Il trittico is a set of three one-act operas composed by Giacomo Puccini in 1918 for the Metropolitan Opera in New York. The first, Il tabarro, is a grim tragedy set in 1910: a love-death triangle among dock workers on the Seine waterfront, desperate people debased by poverty and hard work. The middle opera, Suor Angelica, is set behind the walls of a cloistered convent, where a young nun has been forced to retire after conceiving a child outside of marriage; she is driven to madness and suicide. The last opera, Gianni Schicchi, is a comedic gem: an aristocratic old bachelor dies in 1299 in Florence, leaving all his possessions to a congregation of monks; his furious relatives seek the help of Schicchi, a cunning nouveau riche whom they not-so-secretly despise. He destroys the will, takes the disguise of the freshly dead relative and dictates a will to a lawyer, leaving all the most prized possessions to… himself.

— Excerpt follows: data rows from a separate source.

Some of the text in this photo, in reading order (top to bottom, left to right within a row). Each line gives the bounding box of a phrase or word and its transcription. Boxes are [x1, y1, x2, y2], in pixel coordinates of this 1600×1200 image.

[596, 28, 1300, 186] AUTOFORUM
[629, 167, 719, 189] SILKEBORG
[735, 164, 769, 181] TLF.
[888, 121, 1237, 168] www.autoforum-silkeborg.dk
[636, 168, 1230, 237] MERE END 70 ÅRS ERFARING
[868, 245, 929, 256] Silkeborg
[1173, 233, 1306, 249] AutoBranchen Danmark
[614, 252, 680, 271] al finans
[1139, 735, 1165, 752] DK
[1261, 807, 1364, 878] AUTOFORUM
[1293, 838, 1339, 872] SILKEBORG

The themes the three works seem to have in common are death and de-humanization: by brutal living conditions in Il tabarro, by cruelty and relentless religious rules against Suor Angelica, and by greed in the last opera, where the relatives turn almost feral in their rage against one another, next against the monks later and then against Gianni Schicchi when he cons them.

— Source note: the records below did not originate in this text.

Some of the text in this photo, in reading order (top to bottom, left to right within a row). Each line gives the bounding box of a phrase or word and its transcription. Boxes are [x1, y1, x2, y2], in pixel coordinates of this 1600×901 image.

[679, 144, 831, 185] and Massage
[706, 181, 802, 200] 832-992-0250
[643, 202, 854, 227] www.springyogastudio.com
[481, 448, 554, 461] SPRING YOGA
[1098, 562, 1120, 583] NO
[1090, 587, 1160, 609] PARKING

Director Lotte deBeer opted for a common set for the three acts: a gigantic funnel, a sort of oversized air-duct, with different props to represent the different environments in each opera. There was no break at all between Il tabarro and Suor Angelica, with the nuns entering as Michele and Giorgetta were still on stage from the previous act. At the end of Gianni Schicchi, while the two young lovers Rinuccio and Lauretta are singing their love duet, all the characters from all the three operas come back on stage. It’s not clear to me that this approach added much to the performance, but it was an understandable idea and, even if the funnel’s purpose was not clear, it did help the projection of the singers.
The Bayerische Staatsoper orchestra delighted us with a wonderful sound. Under the baton of Bertrand de Billy, they gave an emotional and intense performance, with great phrasing in the strings, elegance in the winds and power (occasionally too much power) in the brass.
Wolfgang Koch’s interpretation of Michele, the betrayed husband in Il tabarro, was intense and dark; his dishevelled appearance added brutal overtones to his warm, smooth baritone. His pleading with his wife was as convincing in its sweetness as his rage-filled roars when he was murdering her lover. His wife, Giorgetta, was a passionate Elza van der Heever: her phrasing swept us away in her declarations of love to Luigi, her lover, sung by a strong and powerful Martin Muehle.